Don’t get me wrong – more money for Pell is great. The Pell program is the main government program to support low income students without repayment. But with Pell funds rising at 1 percent inflation and higher education costs at 3 percent inflation, it’s hard not to feel like this bill is only a drop in the bucket.
On top of that, the Congressional Budget Office said the estimated savings in SAFRA are based on the procedure outlined in the Federal Credit Reform Act of 1990 and are about $21 billion too high.
My problem with SAFRA is not that it is detrimental or that it doesn’t save enough money but that when you look at the numbers, it just doesn’t do much for the individual student.
If SAFRA is the federal government’s plan to save higher education, I’m disappointed. But community colleges are the ones who should be throwing the fit. After Obama campaigned endlessly to increase support for community colleges, the final bill only provides them a $2 billion competitive grant program.
According to the American Association of Community Colleges, there are 1,195 community colleges in the United States and 46 percent of U.S. undergraduate students attend these schools. Community colleges, which include technical and vocational schools, represent primary entrance points for low-income, rural and minority students.
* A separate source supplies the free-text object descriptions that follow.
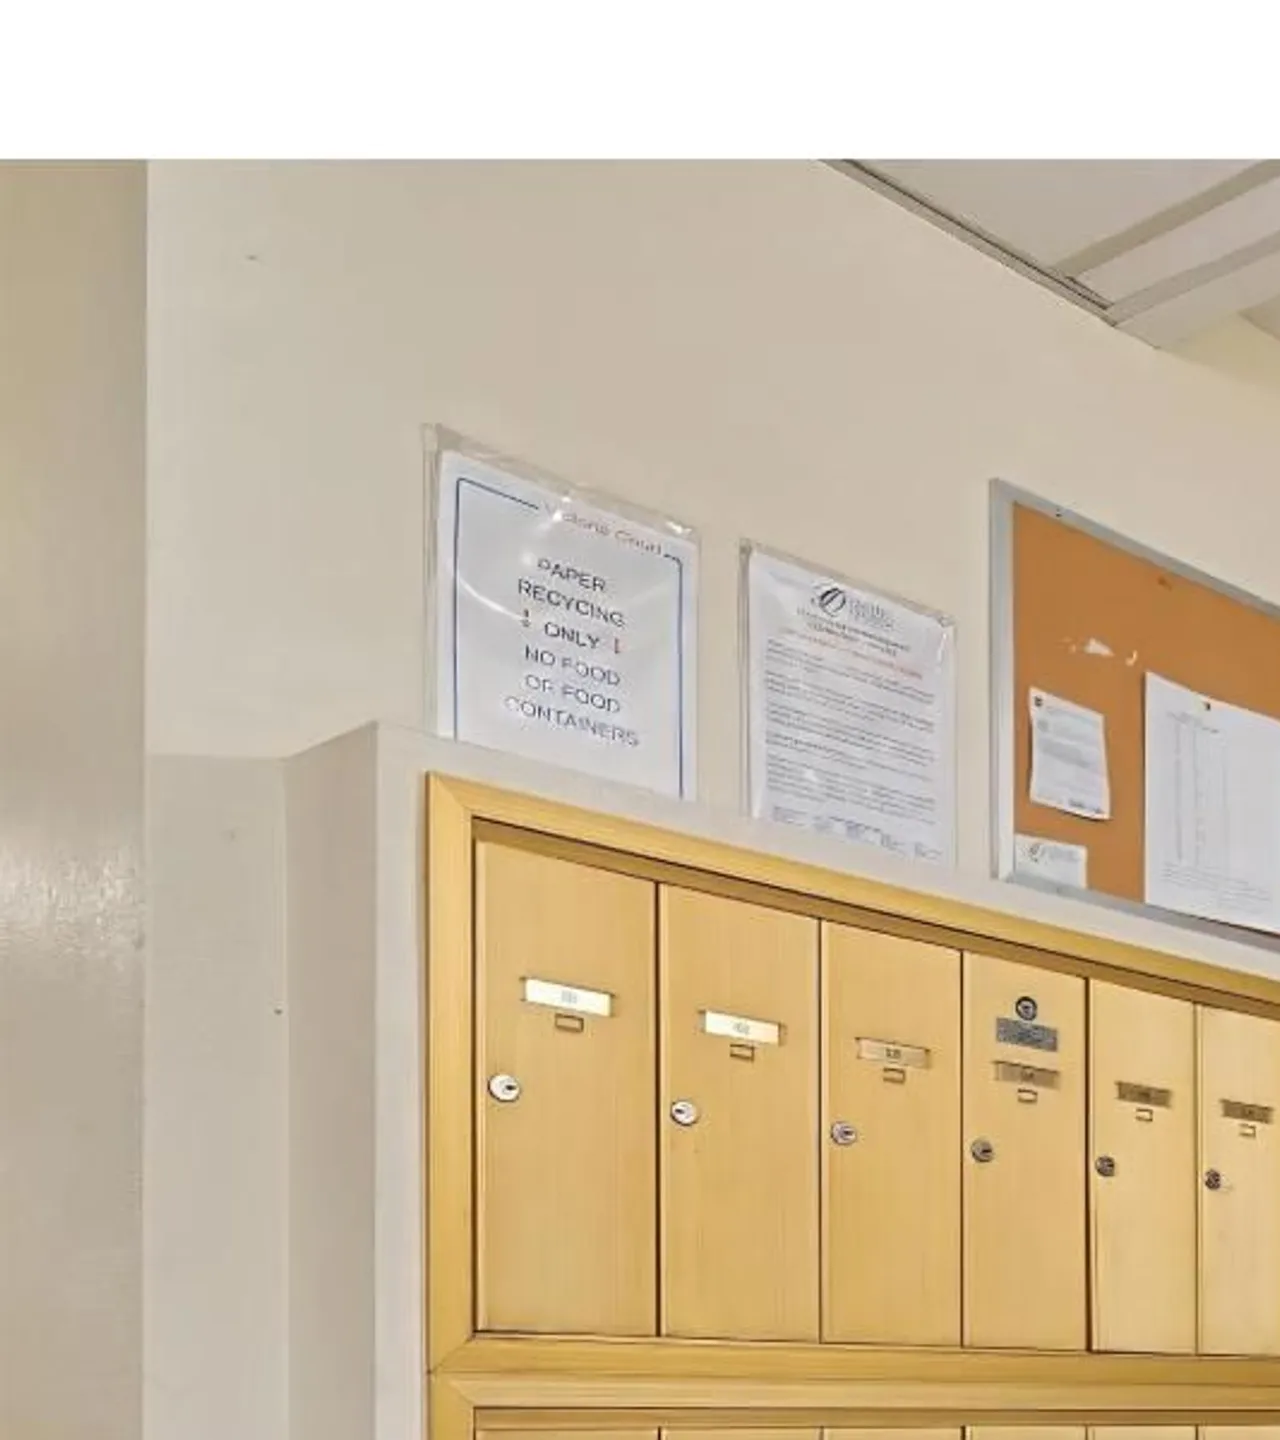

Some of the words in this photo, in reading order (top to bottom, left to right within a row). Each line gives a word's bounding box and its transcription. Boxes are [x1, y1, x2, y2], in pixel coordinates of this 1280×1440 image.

[537, 558, 606, 591] PAPER
[518, 578, 627, 628] RECYCING
[544, 622, 600, 649] ONLY
[525, 645, 555, 666] NO
[562, 657, 621, 686] FOOD
[562, 685, 621, 713] FOOD
[504, 696, 640, 747] CONTAINERS
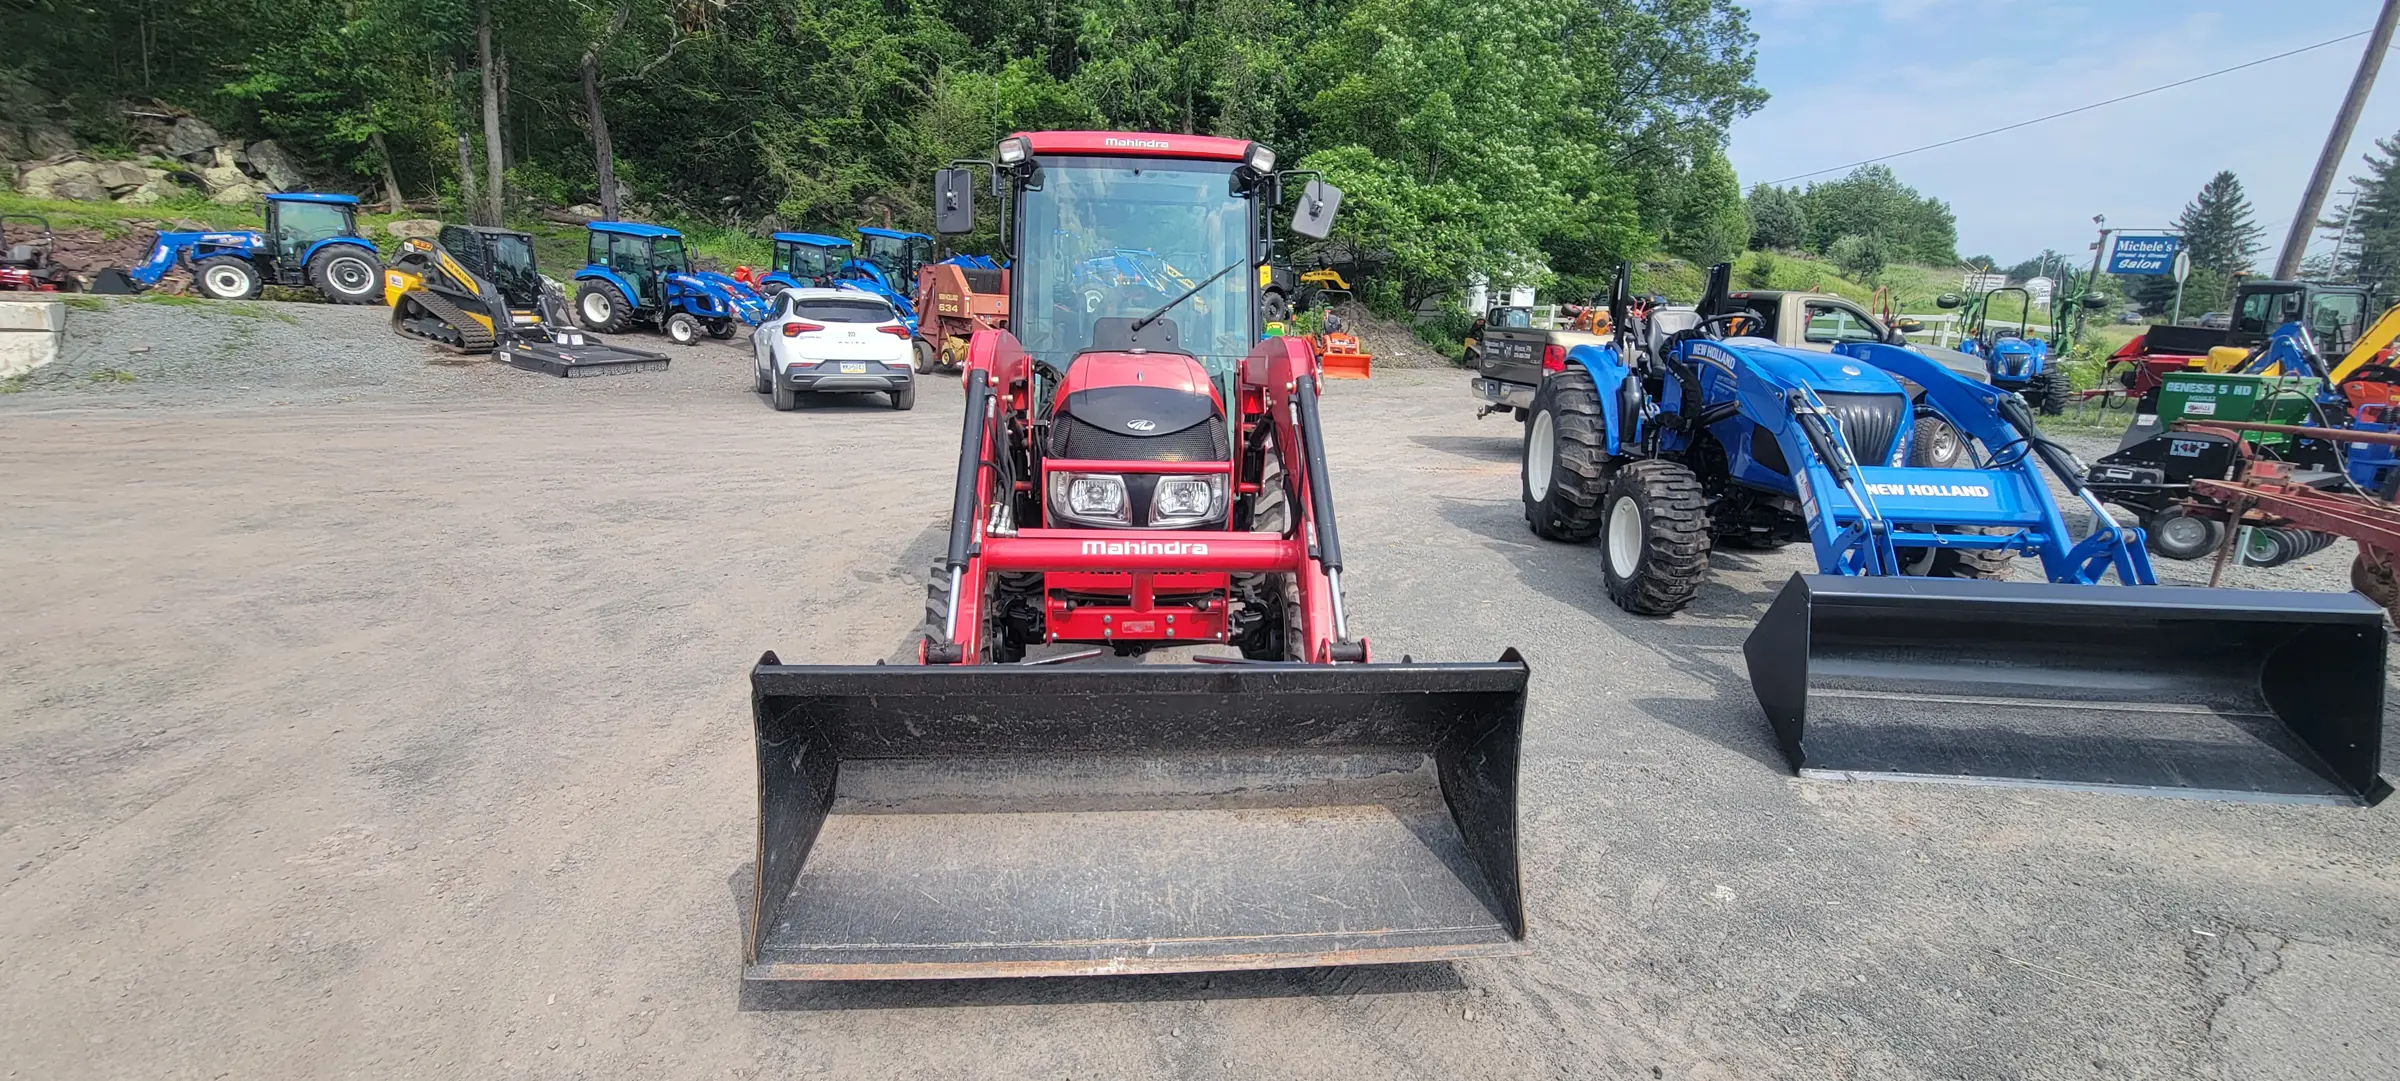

These students will benefit from the Pell grant increases, but the schools themselves had been expecting billions more from the government to improve and expand their programs.
SAFRA has found ways to increase some funding to higher education, and that’s great. It was difficult to ask for more money while SAFRA sat next to the health care bill on the reconciliation table. But the government should’ve taken a firmer stand.
Place a tuition cap on public universities, create an agency to explore administrative funding and show students you’re committed to higher education. Don’t forget we’re college-educated, because we know when enough is not enough.